>>

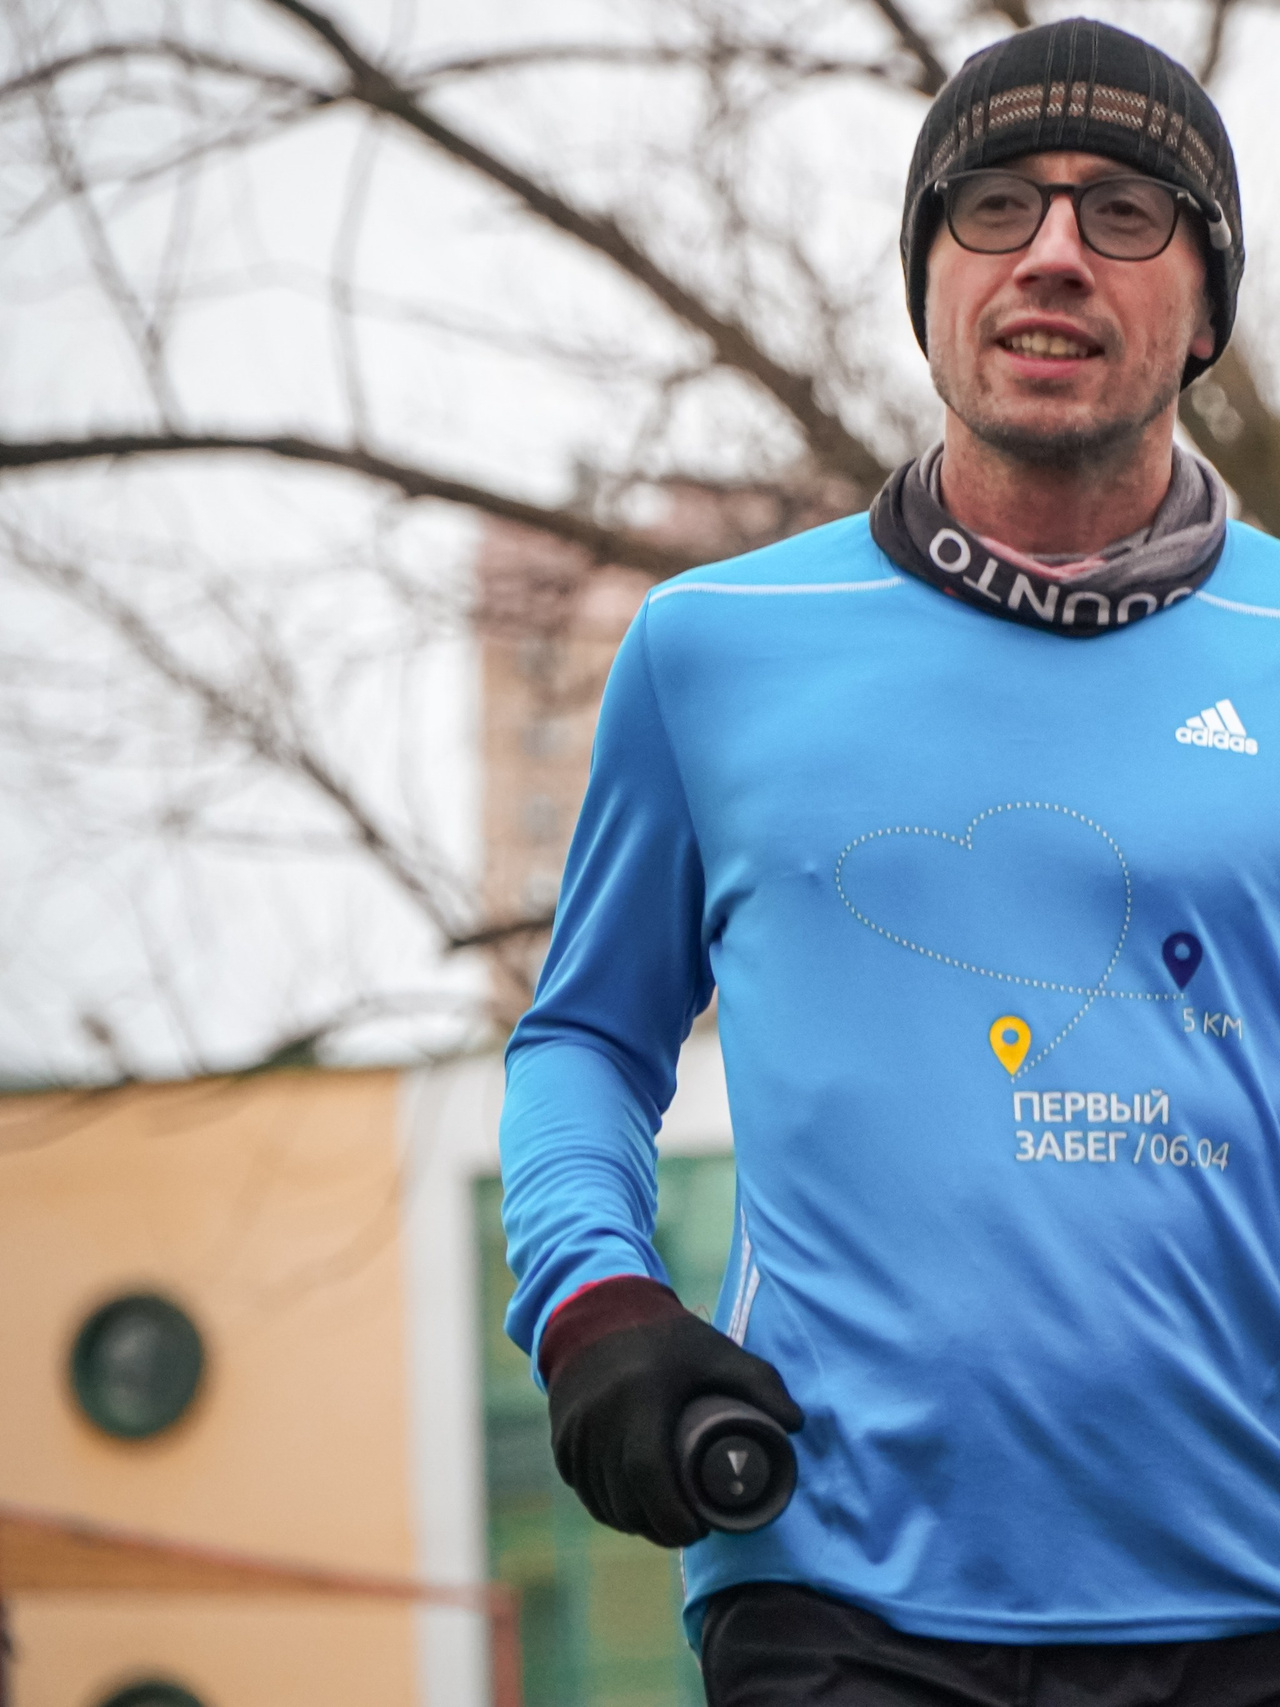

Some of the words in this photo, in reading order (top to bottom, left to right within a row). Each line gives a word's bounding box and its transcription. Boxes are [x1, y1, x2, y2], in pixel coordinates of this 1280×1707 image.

[1174, 726, 1259, 756] adidas
[1182, 1007, 1196, 1033] 5
[1013, 1088, 1170, 1125] ПЕРВЫЙ
[1015, 1130, 1128, 1163] ЗАБЕГ
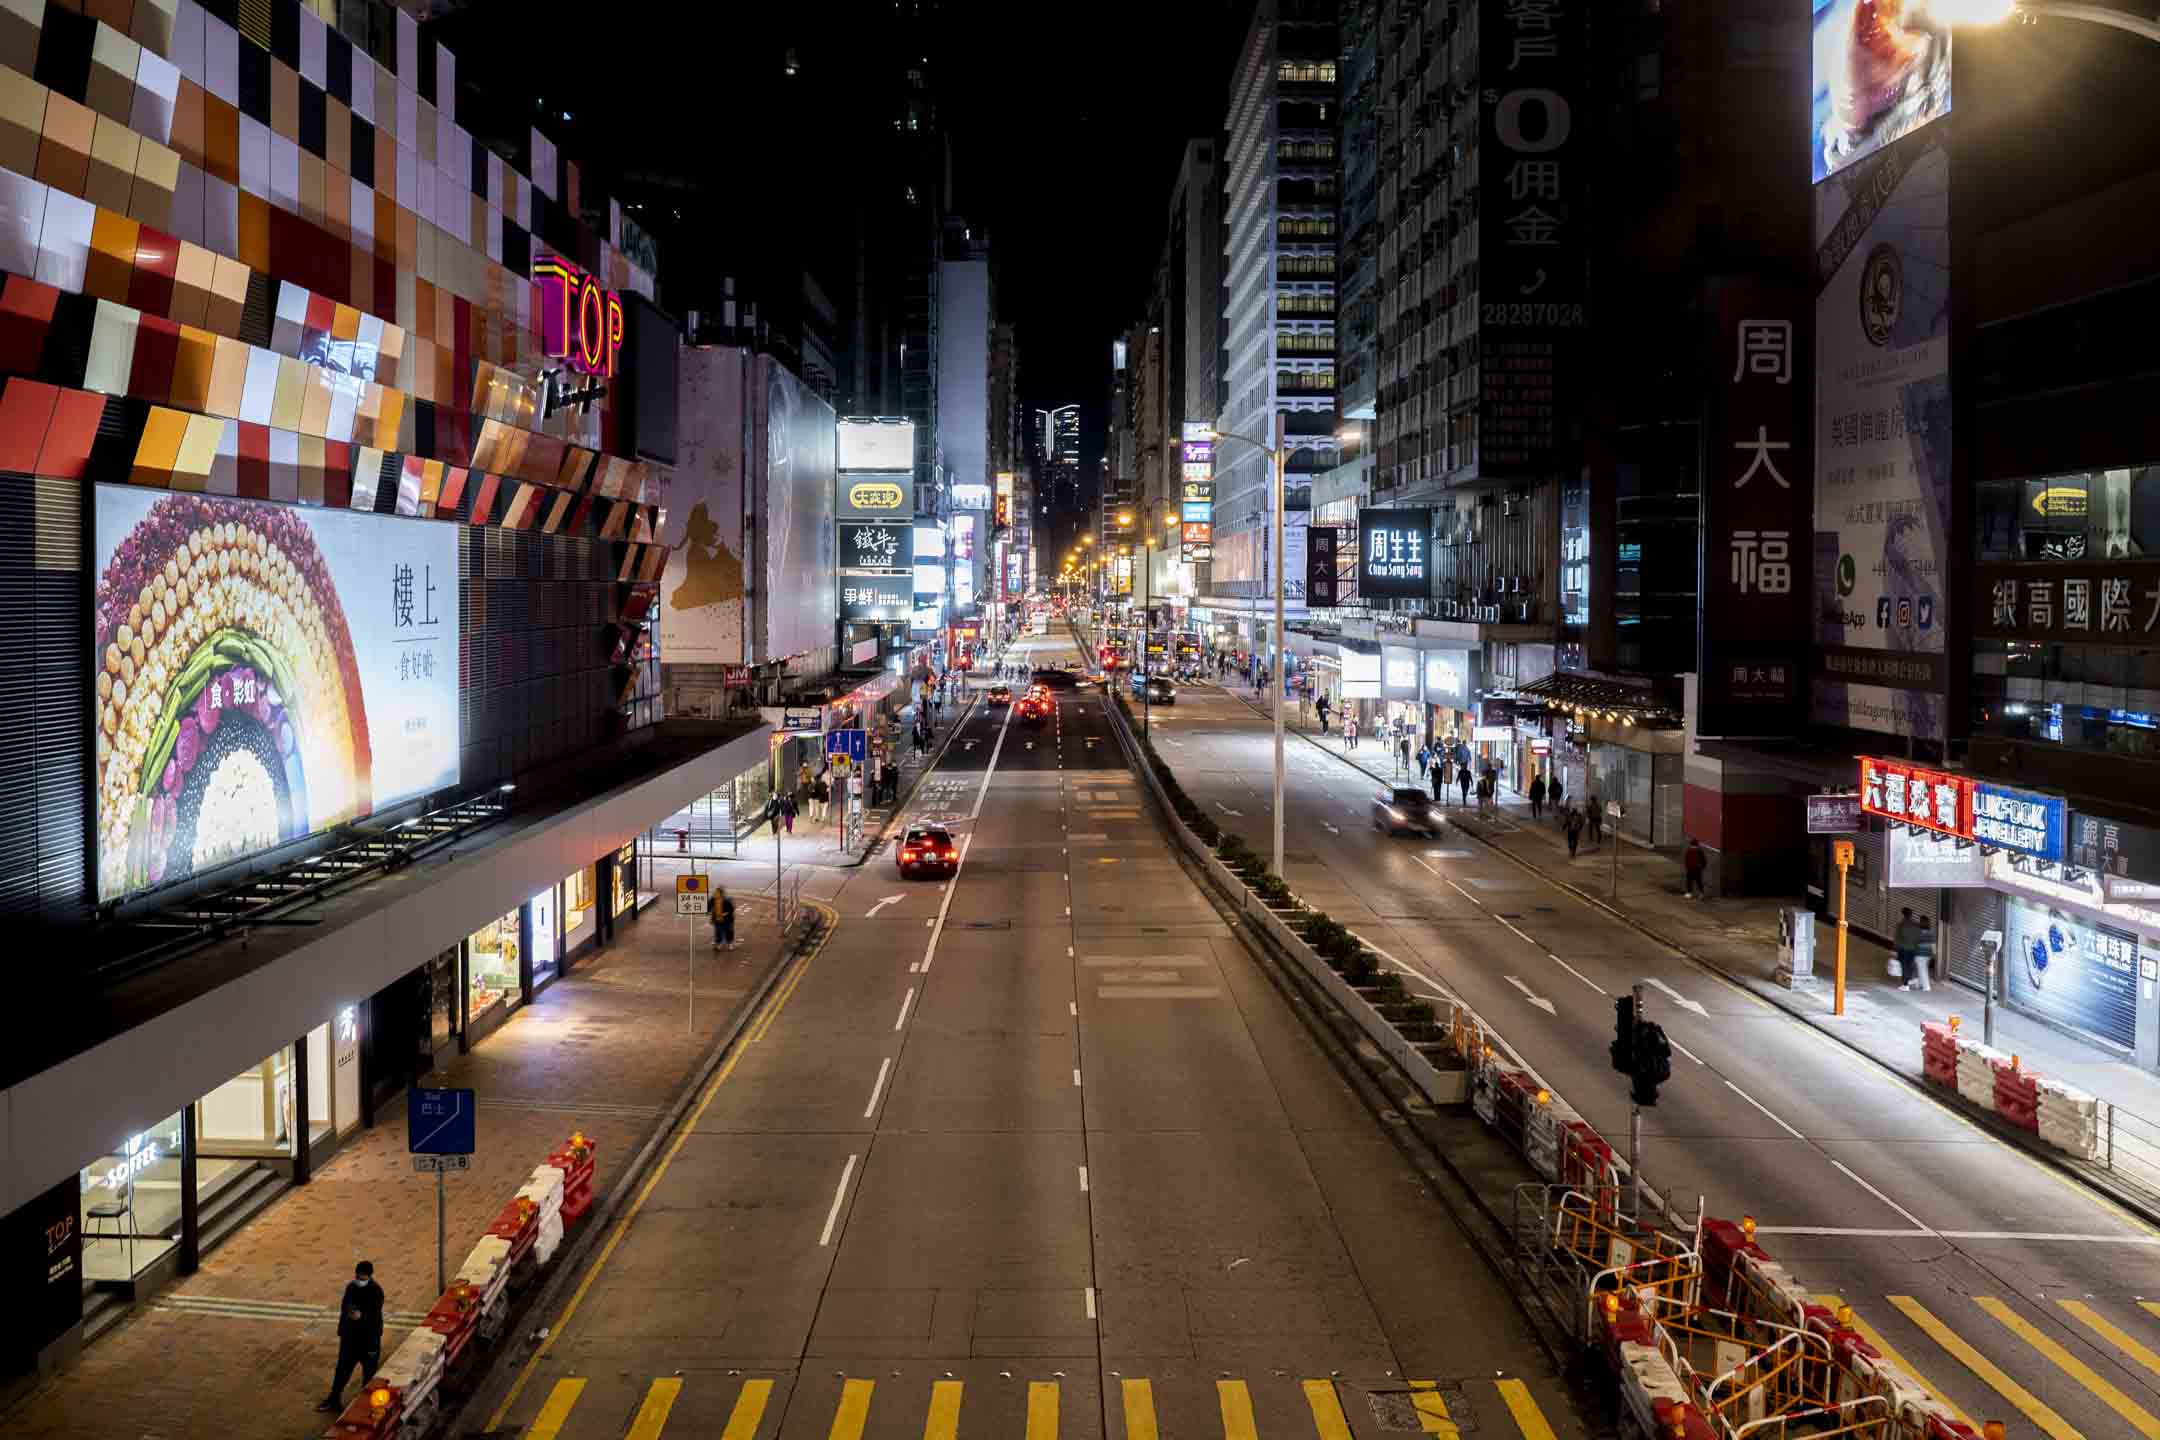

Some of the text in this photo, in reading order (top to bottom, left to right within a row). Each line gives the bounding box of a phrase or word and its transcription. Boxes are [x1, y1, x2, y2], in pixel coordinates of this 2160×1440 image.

[533, 257, 624, 379] TOP
[1731, 319, 1792, 594] 周大福
[1368, 529, 1422, 563] 周生生
[1314, 537, 1329, 597] 周大福
[1368, 564, 1422, 578] Chow Sang Sang
[392, 563, 440, 628] 樓上
[681, 901, 702, 911] 全日
[421, 1102, 446, 1115] 巴士
[47, 1216, 73, 1245] TOP

<<

_Instructions to follow_
An exact, picture-free copy of the listing above is the goal; write it out now.

_Problem solution_
Some of the words in this photo, in reading order (top to bottom, left to right within a row). Each line gives a word's bounding box and its transcription. Boxes are [x1, y1, x2, y2], in pixel coordinates of this 1280×1707 image.

[1174, 726, 1259, 756] adidas
[1182, 1007, 1196, 1033] 5
[1013, 1088, 1170, 1125] ПЕРВЫЙ
[1015, 1130, 1128, 1163] ЗАБЕГ

Some of the text in this photo, in reading order (top to bottom, left to right within a row). Each line gives the bounding box of a phrase or word and its transcription. Boxes are [x1, y1, x2, y2], in pixel coordinates of this 2160×1440 image.

[533, 257, 624, 379] TOP
[1731, 319, 1792, 594] 周大福
[1368, 529, 1422, 563] 周生生
[1314, 537, 1329, 597] 周大福
[1368, 564, 1422, 578] Chow Sang Sang
[392, 563, 440, 628] 樓上
[681, 901, 702, 911] 全日
[421, 1102, 446, 1115] 巴士
[47, 1216, 73, 1245] TOP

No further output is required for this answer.